In some systems, a flash tank economizer is incorporated into the refrigerant circuit between the condenser and the evaporator. In such case, the refrigerant leaving the condenser is expanded through an expansion device, such as a thermostatic expansion valve or an electronic expansion valve, prior to entering the flash tank wherein the expanded refrigerant separates into a liquid refrigerant component and a vapor refrigerant component. The vapor component of the refrigerant is thence directed from the flash tank into an intermediate pressure stage of the compression process. The liquid component of the refrigerant is directed from the flash tank through the system's main expansion valve prior to entering the evaporator. U.S. Pat. No. 5,174,123 discloses a subcritical vapor compression system incorporating a flash tank economizer in the refrigerant circuit between the condenser and the evaporator.

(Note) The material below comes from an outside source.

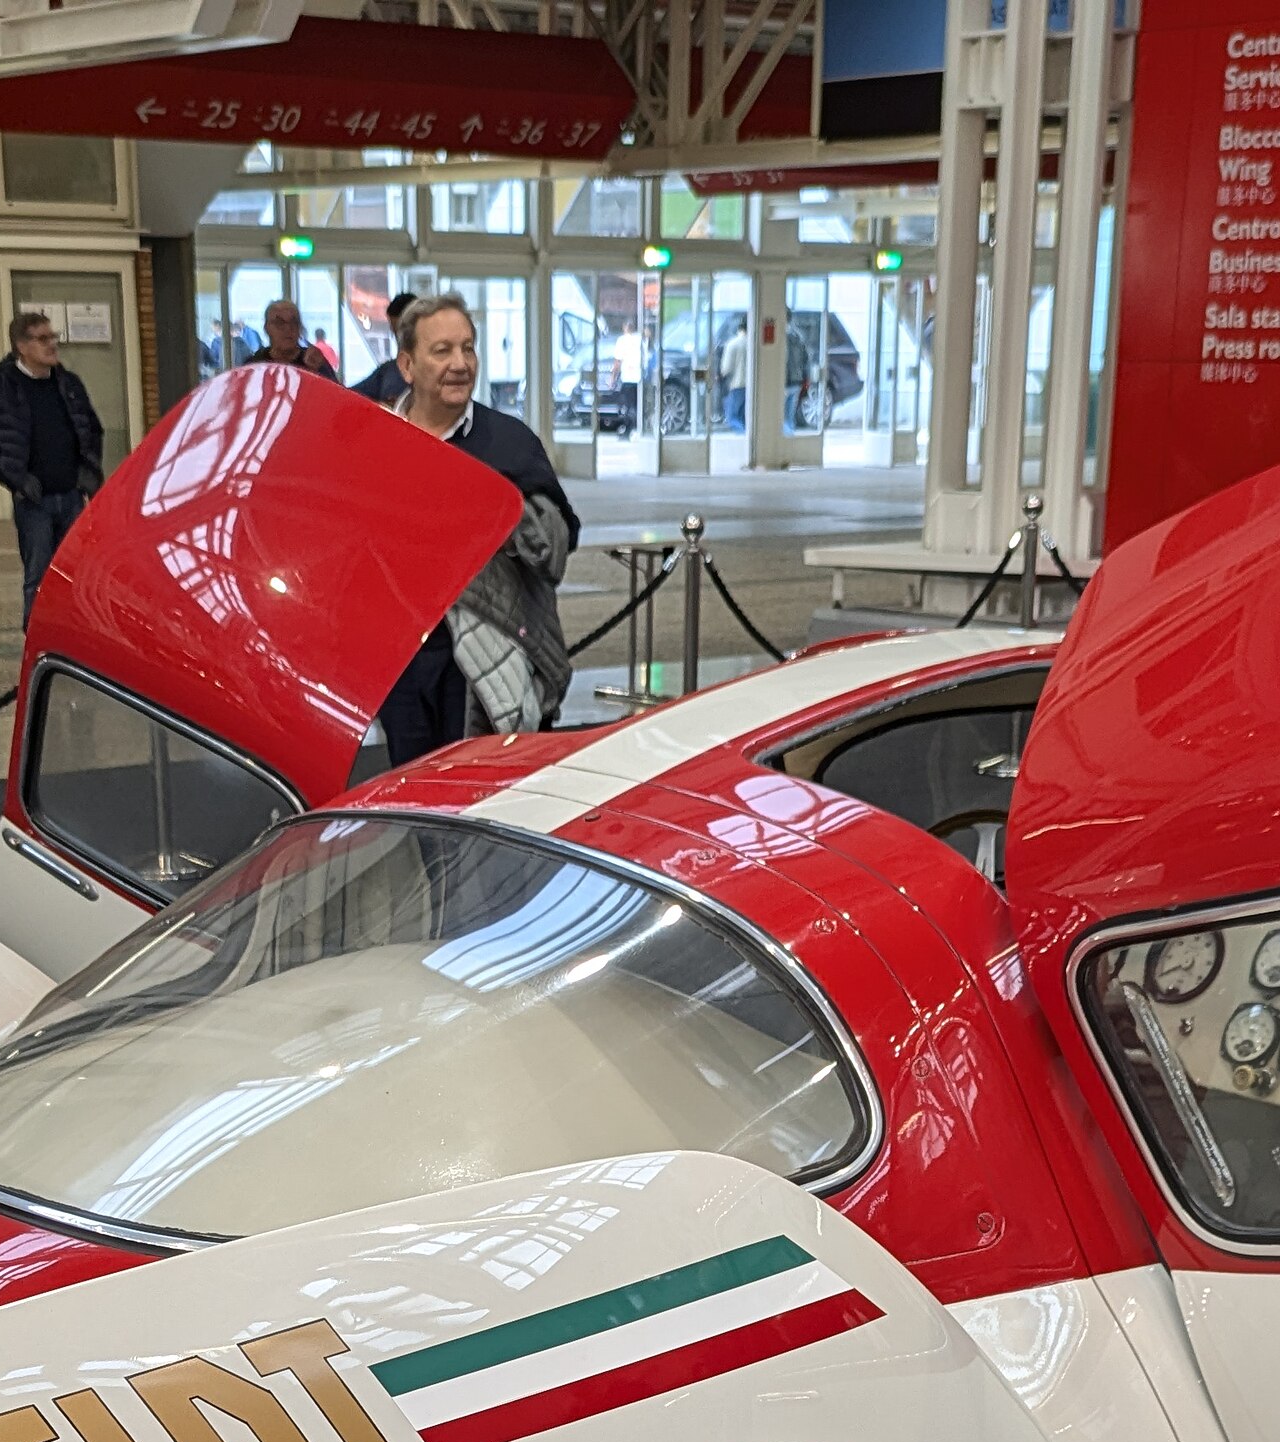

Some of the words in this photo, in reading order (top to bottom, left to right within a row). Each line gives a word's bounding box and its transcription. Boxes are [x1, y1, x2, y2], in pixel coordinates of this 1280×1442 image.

In conventional subcritical refrigerant vapor compression systems, the expansion of the refrigerant passing from the condenser to the evaporator is typically a single step process wherein the refrigerant passing from the condenser to the evaporator through a single expansion device, commonly either a thermostatic expansion valve or an electronic expansion valve or a fixed orifice device, before the refrigerant enters the evaporator. U.S. Pat. No. 6,694,750 discloses a subcritical refrigeration system that includes a first refrigerant-to-refrigerant heat exchanger economizer and a second refrigerant-to-refrigerant heat exchanger economizer disposed in series in the refrigerant circuit between the condenser and the evaporator. Refrigerant passing through the primary refrigerant circuit from the condenser to the evaporator passes in series through the first pass of the first refrigerant-to-refrigerant heat exchanger and thence through the first pass of the second refrigerant-to-refrigerant heat exchanger before traversing the primary refrigerant circuit's single evaporator expansion valve prior to entering the evaporator. A second portion of the refrigerant passing from the condenser is diverted from the primary refrigerant circuit and passed through an auxiliary expansion valve and thence through the second pass of the first refrigerant-to-refrigerant heat exchanger prior to being injected into a high pressure stage of the compression process. A third portion of the refrigerant passing from the condenser is diverted from the primary refrigerant circuit and passed through another auxiliary expansion valve and thence through the second pass of the second refrigerant-to-refrigerant heat exchanger prior to being injected into a low pressure stage of the compression process.

U.S. Pat. No. 6,385,980 discloses a transcritical refrigerant vapor compression system incorporating a flash tank economizer in the refrigerant circuit between the gas cooler and the evaporator. However, in a transcritical refrigerant vapor compression system, expanding the refrigerant from the supercritical pressure at which the gas cooler operates to the subcritical pressure at which the evaporator operates in a single step expansion process may result in lower system efficiency and over-heating of the compressor due to the large pressure differential between the gas cooler pressure and the evaporator pressure.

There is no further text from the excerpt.